Да, да. Да-да! И телефоны-автоматы в ряд честь отдают под козырек. Рады Вас приветствовать! Рады приветствовать! Мы рады Вас приветствовать сэр-р! Отсюда, с одного из них он звонил тогда Кате. Катя, сказал, я уезжаю. И черные потом ее помпошки на сером перроне, мокрые две собачки, и лицо ее, лицо ее - конус острием в темь.

Ничего никогда уже больше этого не будет.

А потом… по той вон улочке два квартала вверх и каток. Запах льда и белый в черном небе снег, проколотый прожекторами. Задний вираж полукругом, въезд в середину, взлет широким махом и… висеть, зависать на высоте трех с половиной метров (ну, хорошо: двух, двух с половиной), распластав ноги над далекой землей. Висеть. Секунду, две, три. Под музыку из кинофильма "Леон Гаррос ищет друга". Да, и плашмя потом об лед - "здз…" Так и объявляли в микрофон: Евгений Горкин. Первый юношеский разряд. Музыка из кинофильма "Леон Гаррос ищет друга". "Первый юношеский" в ту пору не звучало беспомощно, и музыка вызывала уважение, ее объявляли. Евгений Горкин заходил задним виражом по музыку ("Ти-та-ти-та-та… Ту-ау-ау-ти!..") - ищет, ищет-де благородный покинутый Гаррос своего закадычного друга. Заходил и прыгал. Делал свой Прыжок.

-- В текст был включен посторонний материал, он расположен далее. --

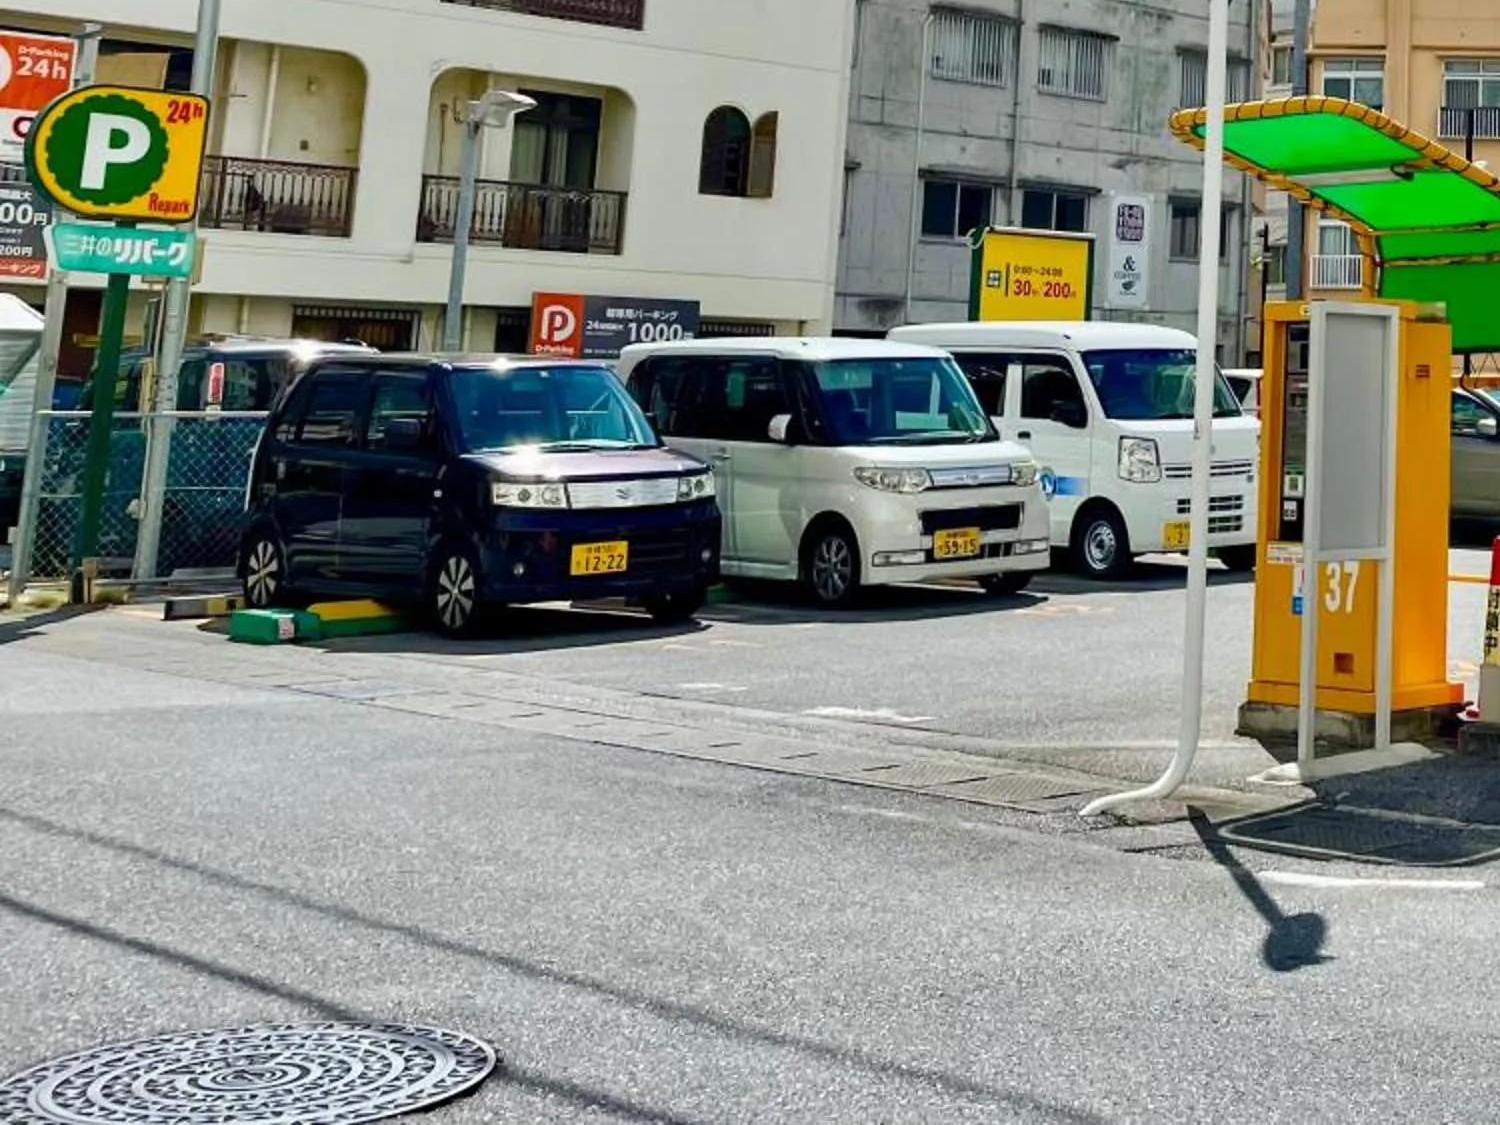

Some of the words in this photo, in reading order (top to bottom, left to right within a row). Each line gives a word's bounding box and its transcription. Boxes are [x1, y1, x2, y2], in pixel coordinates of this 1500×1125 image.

Пластинка была короче времени на произвольную, и с четвертой минуты Гаррос начинал все сначала.

Падал, падал…

Оп-па! (Это взлет). А потом "здз…" И поднимался, левой рукой отряхивал штаны на ягодицах, а правая, отбитая, повисала. Он же, настойчивый, упрямый француз Гаррос снова заходил - вираж, въезд… Ничего, кроме этого ("прыжок во вращение" официально), делать он толком не умел. Вращался плохо: с треском, с крошем. Двойные выпрыгивал через раз на обе ноги. А тут получалось. Собственно, даже не "прыжок во вращение", а просто прыжок в никуда… Прыгнуть и зависнуть. И повисеть. Зрители не могли понять поначалу: нарушение законов? Гуттаперчевый мальчик? Фокус-покус? А он заходил на него, на свой коронный, и знал лучше всех: сколько раз он прыгнет, столько и шлепнется. Что-то изначальное, зародышевое делалось им не так. Потому-то и падал. Но потому и взлетал и парил потому. Расчета на приземление не было. А судьи, публика, да и сам он, краешком тоже всякий раз ждали чуда. Выпрыга из прыжка. Приземления. Выезда. И всякий раз маэстро падал. Была, стало быть, мера, граница какая-то, и он ее нарушал. Выпрыгивал из нее. Падение и было платой "за". И все же, когда на соревнованиях, в конце произвольной делал это, заходил, взлетал на свои три, зависал когда - тишина, ш-ш-ш, токала в ушах, не дышали на трибунах, затаивали дыхание. И потом, когда все же падал, - облегченное с выдохом "Ффу-у-у…" Будто он их всех пожалел. Сжалился над ними.

Похоже, после все пошло по той же схеме - и вираж, и въезд, и взлет, и "здз…" Разве прибавилось еще выражение на лице будто упал случайно. Будто, может, даже это и не ты - шлепнулся. И то: и первый его вуз (политехнический), оборванный на третьем курсе, и семейная нынешняя жизнь без детей, а стало быть вполне бессмысленная, и главное, главное "рисование" его, рисунки, в которых год от году труднее становится обманывать себя. Ну да… те же все вираж, въезд и "здз…". И хошь - заходи снова, а нет - снимай коньки, закон уже открыт. С Катей-то, по крайней мере, было так. Именно.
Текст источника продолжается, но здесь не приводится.